Johny Hendricks has decided to retire from mixed martial arts.
At the age of 34, the former UFC welterweight champion has elected to call it a day on his fighting career, making the announcement on MMAJunkie radio earlier today. According to Hendricks, the decision was made after spending time with his family, and not feeling motivated to get back into a fighting camp.
“I’m done, I’m retiring, I’m getting out of the MMA world,” Hendricks said. “I’ve been thinking about this long and hard for a while, and I’m going to get back to my roots, and I’m going to start coaching at All Saints [School]. I coached a little high school last year, at Oakridge, but I’m making the move over to All Saints, I’m going to start coaching there, doing those things.
“One of the things that’s nice is that these last set of months, being home, spending time with the kids, not worrying about myself and what I need to do. I was walking around at 200-pounds for three weeks, just living the life [and I thought], ‘Do we really want to do this?’ I know that I’m the one who has to do it, but do we want to do this? Do we want to go through the grind that I used to do? Be gone for long periods of time, put my family second, and do those kind of things, and right now I can’t. I’ve made this decision about two weeks ago, but I prayed about it, and I wanted to make sure I was going to be okay with it.”
Hendricks leaves the sport with a record of 18-8. While he may have gone 1-4 in his last five, fans may remember his initial burst at welterweight, and a captivating brace of title fights against Robbie Lawler. Following that success, however, Hendricks began to struggle making the welterweight limit of 170-pounds, and subsequently moved to middleweight for a short stint.
He was last seen in a losing effort to Paulo Costa at UFC 217 in November.
With retirement, Hendricks leaves a lifetime of competition behind him, pointing to his coaching role as a way to scratch that itch without the rigorous commitments of being an active fighter.

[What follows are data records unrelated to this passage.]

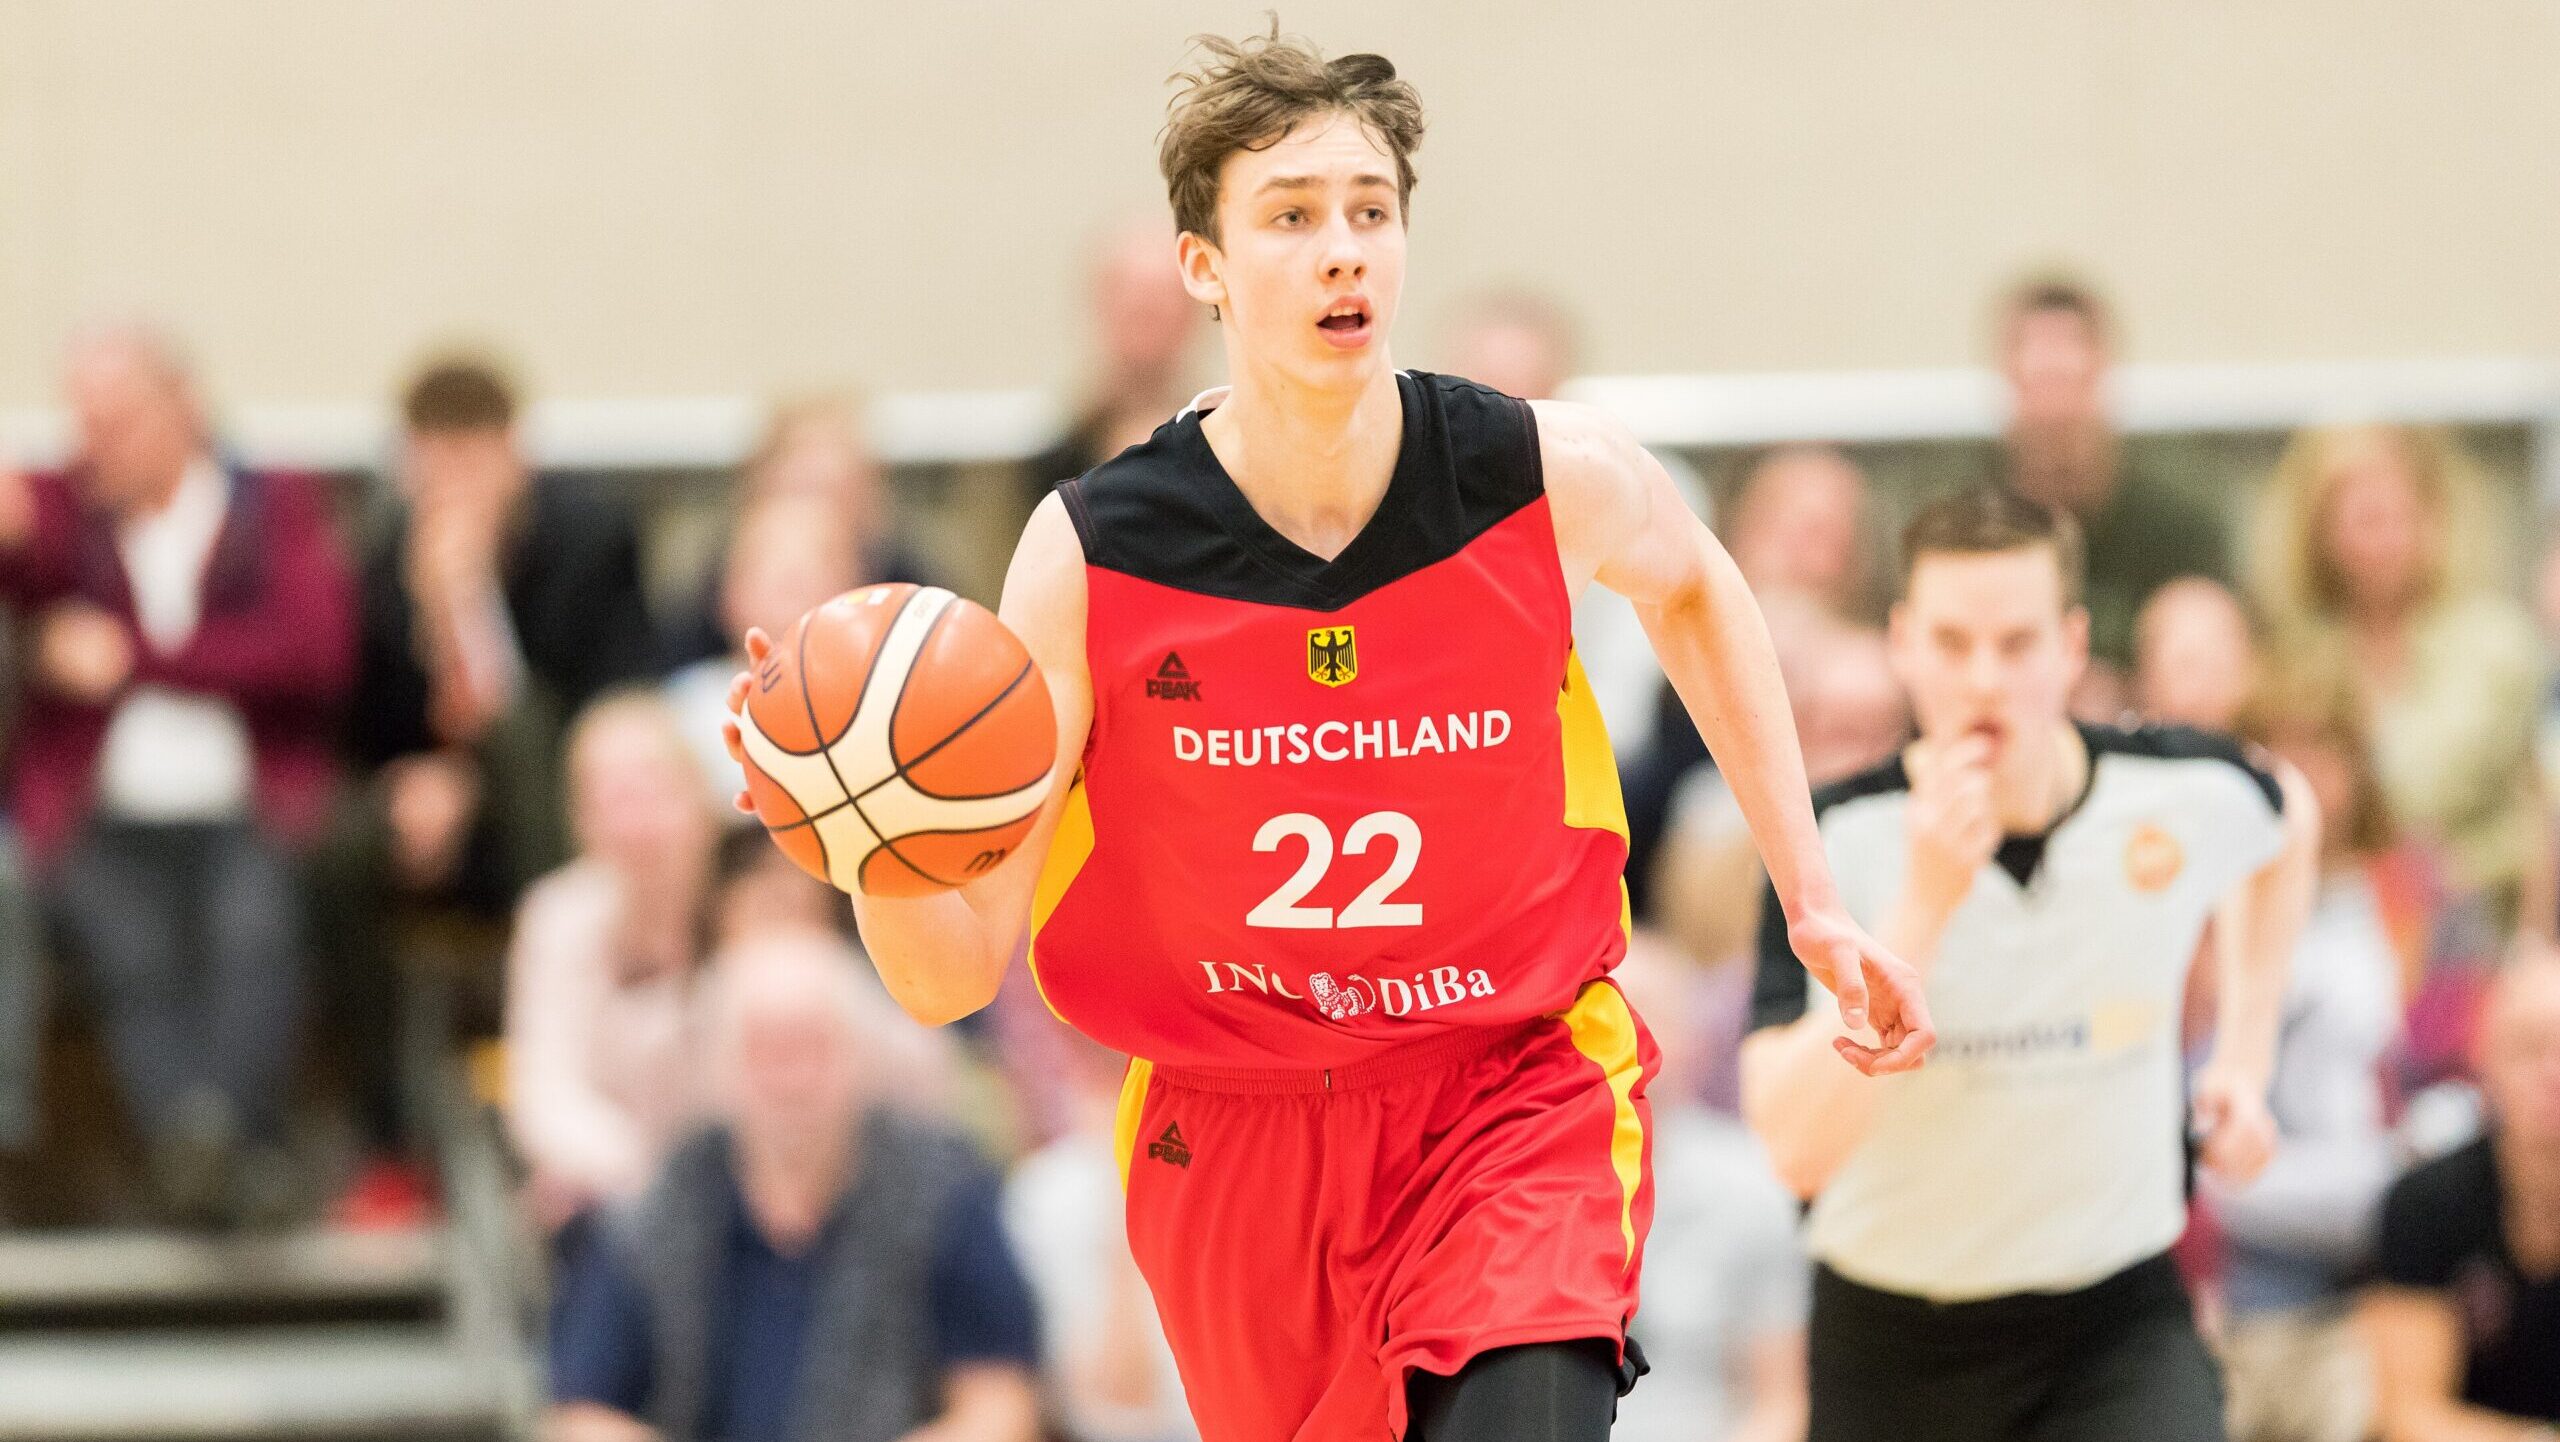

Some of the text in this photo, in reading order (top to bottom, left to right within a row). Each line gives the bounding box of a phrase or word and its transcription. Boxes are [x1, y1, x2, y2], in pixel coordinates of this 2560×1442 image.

[1145, 679, 1202, 702] PEAK
[1173, 709, 1512, 766] DEUTSCHLAND
[1246, 811, 1423, 928] 22
[1377, 965, 1497, 1016] DiBa
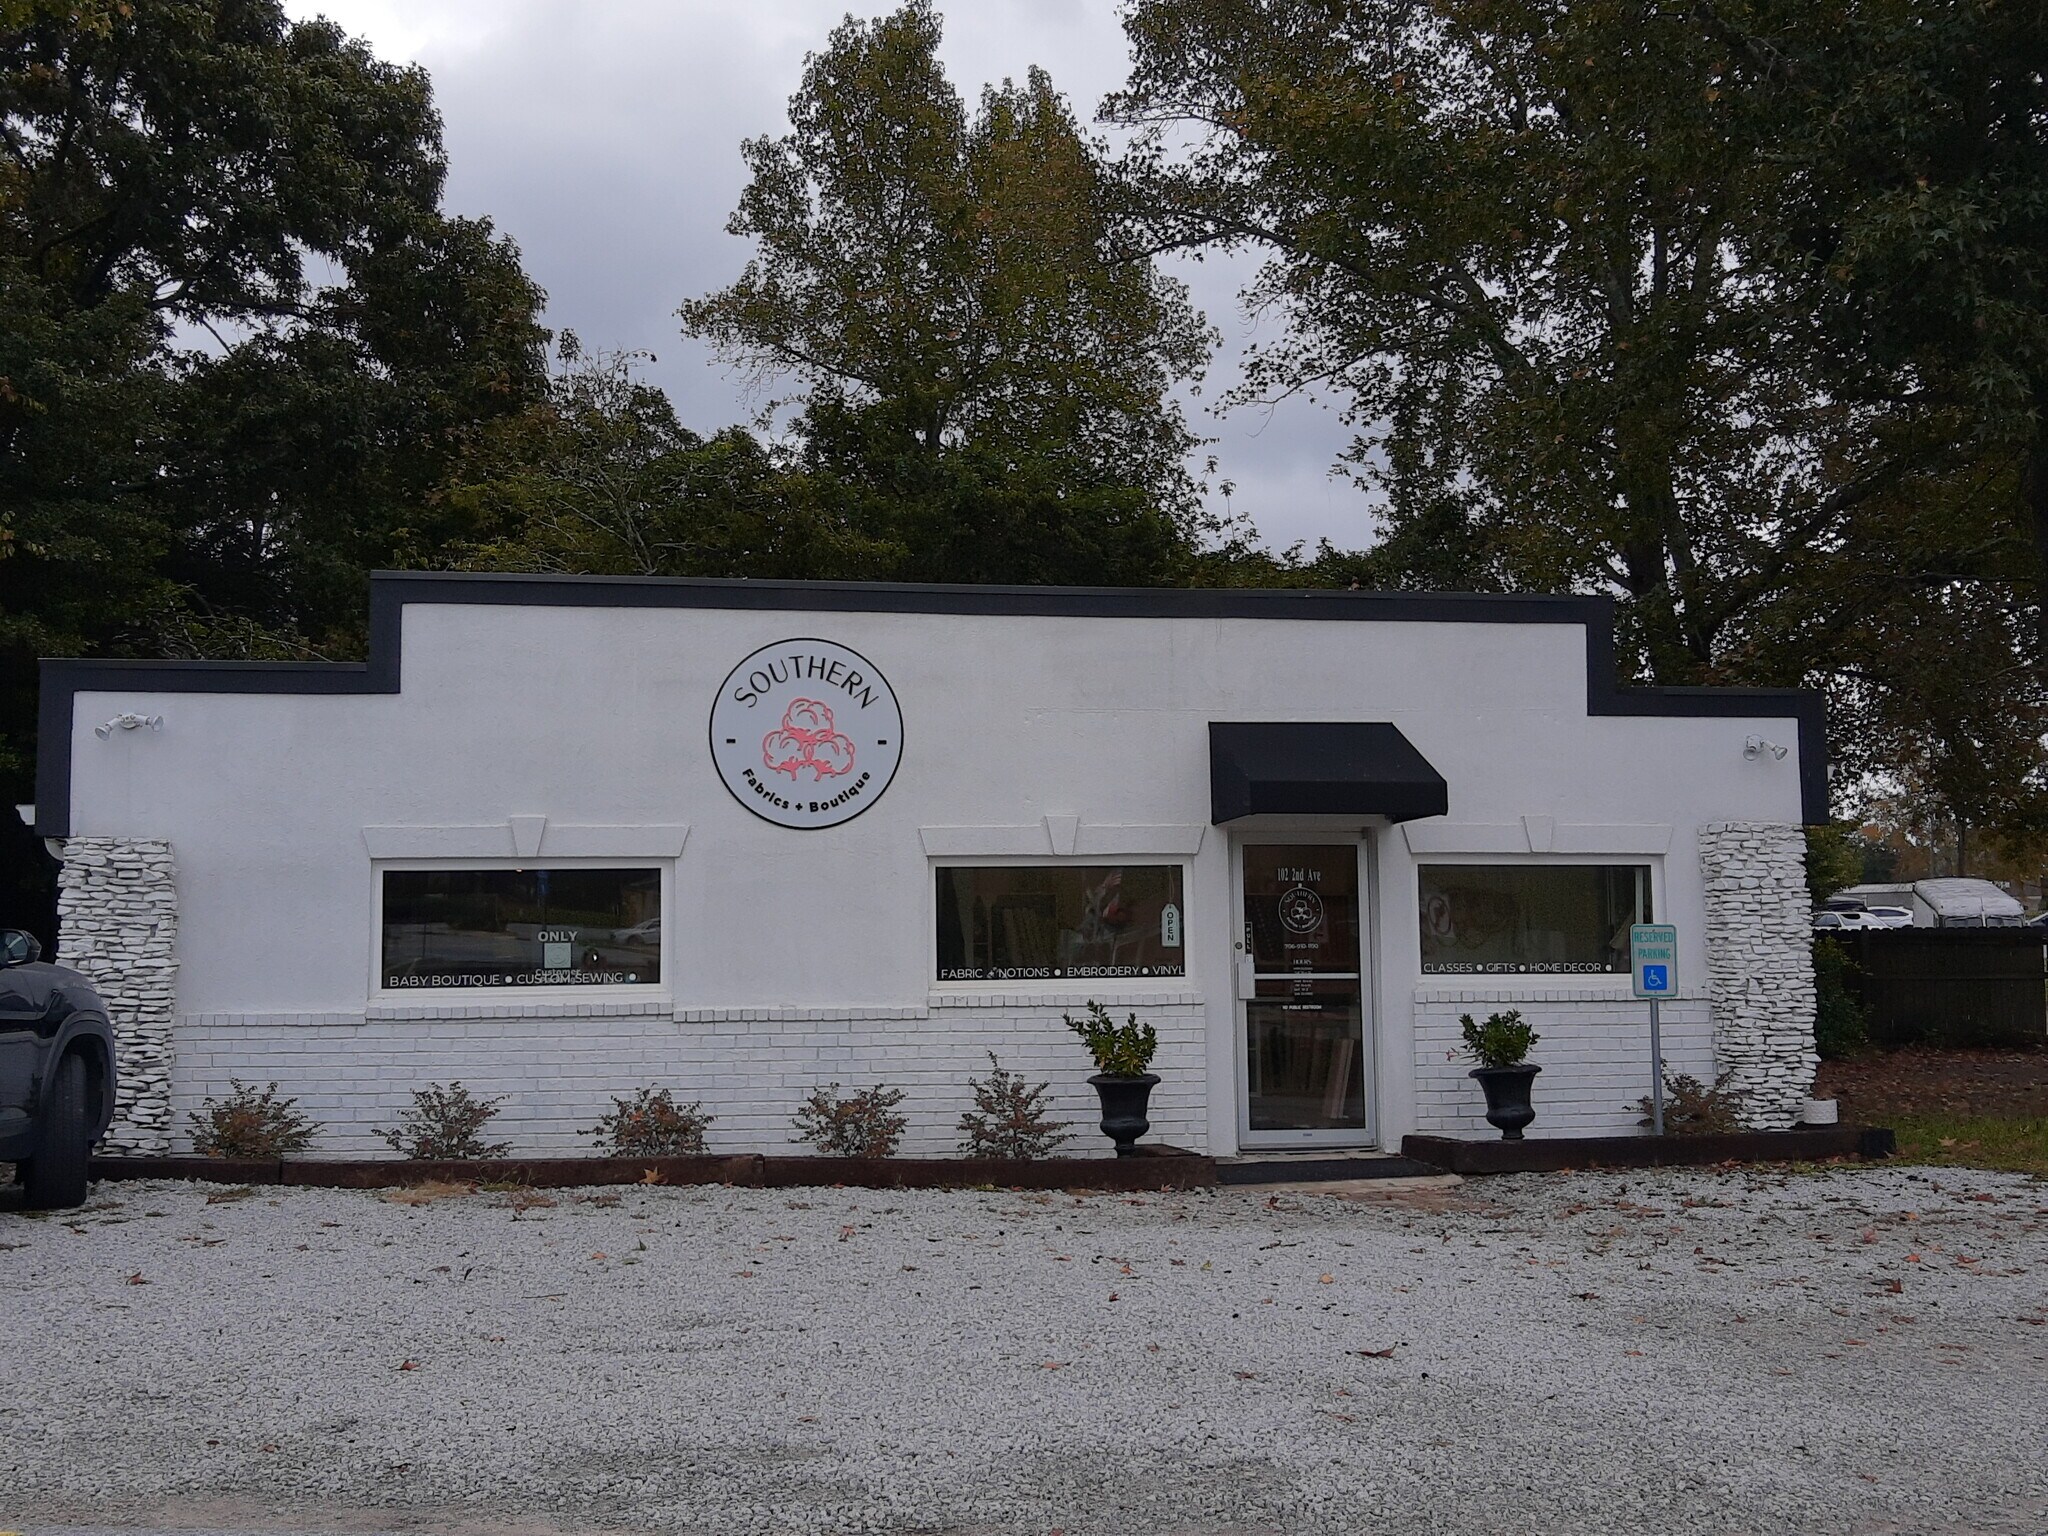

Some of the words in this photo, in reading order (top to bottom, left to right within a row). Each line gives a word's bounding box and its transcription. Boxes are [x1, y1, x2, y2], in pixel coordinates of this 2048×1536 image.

[734, 655, 880, 709] SOUTHERN
[742, 768, 790, 810] Fabrics
[809, 771, 870, 812] Boutique
[1278, 867, 1289, 881] 102
[1292, 867, 1304, 881] 2nd
[1308, 868, 1321, 881] Ave
[1166, 911, 1175, 941] OPEN
[537, 931, 578, 942] ONLY
[1634, 931, 1674, 943] RESERVED
[1638, 948, 1671, 959] PARKING
[535, 968, 581, 977] Customer
[941, 968, 983, 979] FABRIC
[998, 967, 1050, 978] NOTIONS
[1067, 966, 1139, 977] EMBROIDERY
[1152, 965, 1185, 976] VINYL
[1423, 963, 1473, 973] CLASSES
[1486, 963, 1516, 973] GIFTS
[1529, 963, 1561, 972] HOME
[1563, 962, 1602, 972] DECOR
[389, 975, 429, 987] BABY
[432, 974, 500, 987] BOUTIQUE
[516, 973, 571, 986] CUSTOM
[575, 972, 624, 984] SEWING

“I have a big release now,” Hendricks said of retirement. “I’ve competed since I was 5-years old. I’ve been a competitor, I’ve been cutting weight, I’ve been hard training since I was, what, 13-years old? Maybe sooner than that, but let’s just put high school in there. Since I was 14-years old. So for 20-years of my life I’ve been at the grind. For mental, physical, trying to keep yourself in tip top shape.
“I’m training some of the guys at my gym, and I look at them, and I go, ‘You know what? I’m going to miss the sparring and stuff like that, but since I’m training guys I still get to spar twice a month. So I still get sparring and I still get to work hands, and I still get to do things I enjoy, it’s like the best of both worlds.”
Often when a fighter announces their intention of walking away from the sport, there is a certain amount of skepticism. On many occasions, a once retired athlete suddenly misses the thrill of the contest and does a U-turn. According to Hendricks, however, that won’t be the case with him.
“I could still get in there, because I’m still working out, I could still do it,” Hendricks said. “But whenever I told [my wife] that whenever I do retirement, I’m done. There’s no coming back like a lot of other people do. If I’m going to do it, I’m going to do it, and I’m going to stay away. I was talking to a fan, and whenever I was talking to them, it just put it into perspective what I accomplished, and everything that I wanted to do. Meaning not only hitting where I hit, but also what he said. [He said], ‘I’ve met many famous people, and you’re the nicest one so far’. And still today that’s what I try to achieve. That means more to me than the belt and everything I’ve accomplished.”
“… Even if you threw Georges St-Pierre at me, the world knows [I won],” Hendricks said. “Realistically, I’m satisfied unless they say, ‘Johny, here’s a million-dollar payday. Come fight this dude.’ You can’t turn that down. That would be stupid. But everything I set my mind to, I achieved it. That’s the gist of what I’m feeling at this moment and what I’ve been feeling the last month.
“… I’ll call the UFC and tell them I’m done. I’ll call USADA and tell them I’m done. It’s never a honeymoon phase with me. My goal is to get (high school) wrestlers into national champions. I want to get wrestlers better than I was, better than I could ever be. … For me to do that, I have to put the past in the past and start moving forward.”